Barely visible from outside, eye-popping additions to a former rectory by young practices Public Atelier and FUUZE reveal their quirky intensity in the courtyard, including a dining hall the youngsters share with older patrons of the adjoining day centre
Of all the buildings I haven’t visited because of coronavirus these past few months, this is the one I regret the most. If you’ve travelled through any rural area in mainland Europe you can imagine its setting: a small, almost forgotten village with some formerly grand buildings that no one is sure what to do with, or how to pay for their upkeep. The village is quiet, you’ll barely see anyone during the day, shutters rolled down on lots of houses, net curtains drawn across. Plants will be growing high up on the cornerstones of its best buildings, grass sprouting between the gravel of the spacious courtyard that would once have clattered with the sound of shod hooves. A lonely tractor will perhaps be working a field as you drive out the other side. Very occasionally you will stumble across a piece of modern architecture that will surprise you.

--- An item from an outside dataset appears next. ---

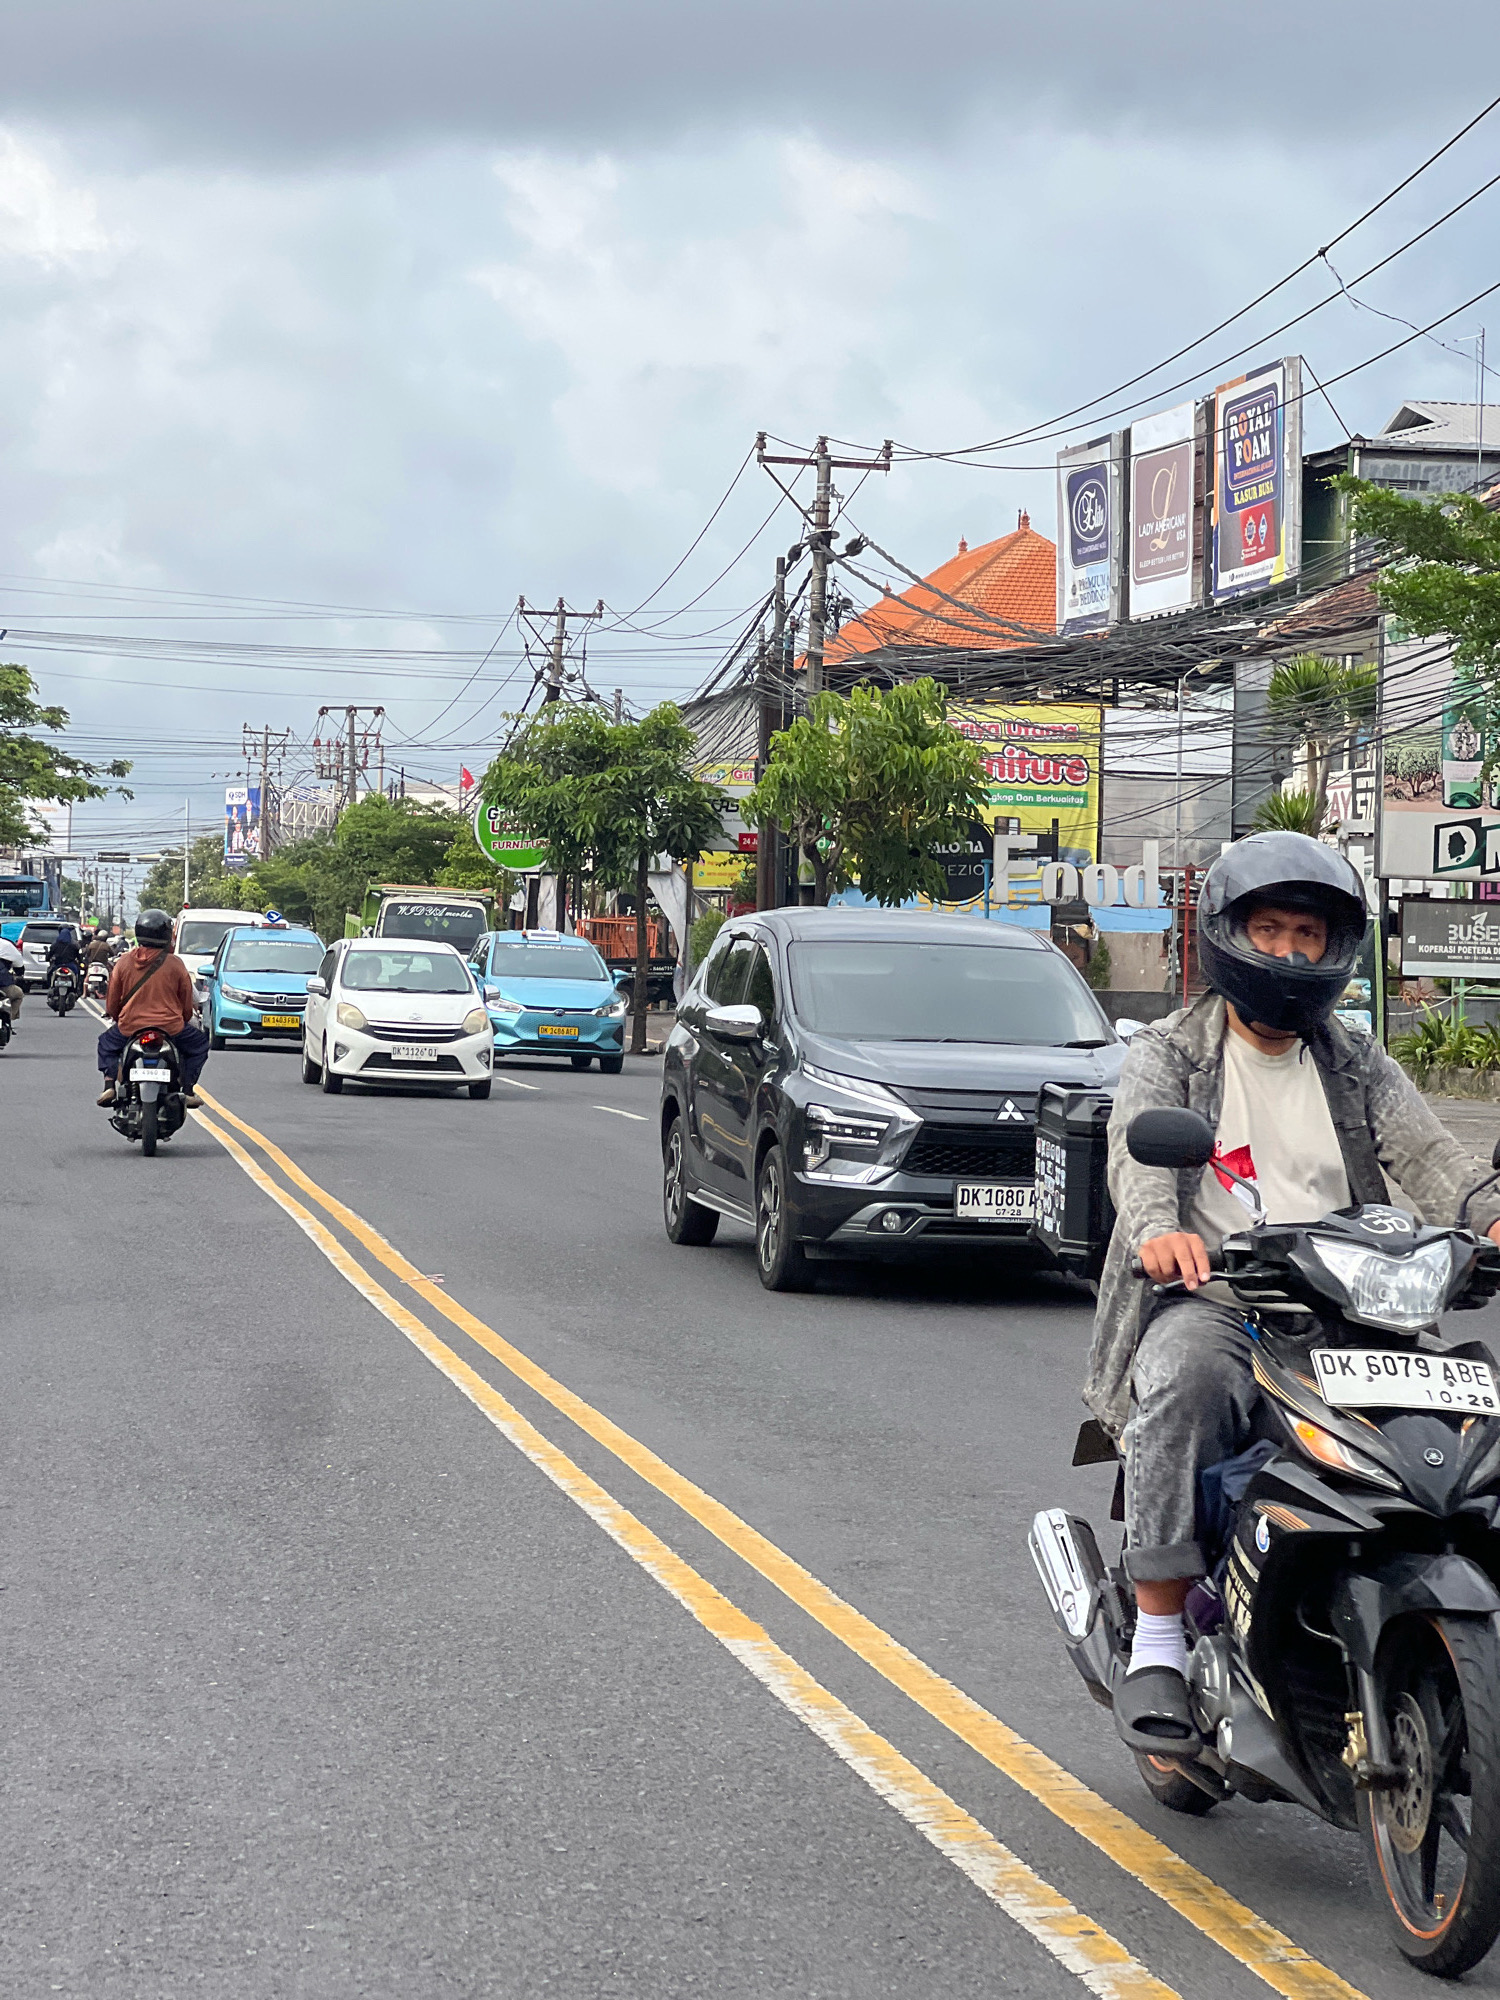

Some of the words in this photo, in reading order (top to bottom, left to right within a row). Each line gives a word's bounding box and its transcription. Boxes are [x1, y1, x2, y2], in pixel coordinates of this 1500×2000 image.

Vřesovice is a village of 600 people, 50km between Brno and the Slovakian border in the Czech Republic. It too was one of these sleepy rural places with a past more illustrious than its present. In the 1700s it was a resting place for travelling bishops and the centre of the village still has a series of civic buildings that reflect centuries of strategic importance – a small castle, a bell tower, church and a baroque rectory for the bishops, the latter a bit crumpled by recent history.
The rectory passed to the state during the Czech Republic's great nationalisation in 1948, when it became a farm building and a fire station. In the 1970s and ‘80s it was a school for masonry workers, then after the 1989 revolution the church took it over again, but it later became empty. Only in 2013 did the mayor strike a deal with the church to bring it back into use for village residents on the conditions that the town hall would have to restore it and the priest had to live inside.
They settled on building the priest a new home elsewhere and opened two primary school classrooms in the main rectory building instead. This was followed in 2015 by the creation of day centre spaces for older people in the former stable wing behind, with shared dining facilities for both. This is where you will find the surprise contemporary architecture. And as architects Jiri Markevic and Jaroslav Sedlák from Public Atelier and FUUZE respectively explain, their project has made the village ‘kind of famous’ and the number of children living there is now growing.
Markevic and Sedlák were invited onto the project in 2016 via an engineer they had previously collaborated with for feasibility studies. The school needed to expand capacity and the mayor needed to save the rapidly decaying roof trusses in the spaces above the day centre. At the time the school had two or three classrooms in the main building and the courtyard was used as parking and a store area. The brief was to create two new classrooms and two vocational teaching spaces for IT and English.
However, the architects saw an opportunity to connect everything up and, with the help of the conservationists, they succeeded in pushing the ambitions of the mayor so that the project outline expanded to giving the whole complex a new lease of life. The proposal didn’t touch the inside of the rectory or previous areas of work, but revolved around the courtyard, stables and collection of outbuildings. The idea was to ensure both schoolchildren and visitors to the day centre would be comfortable using all parts.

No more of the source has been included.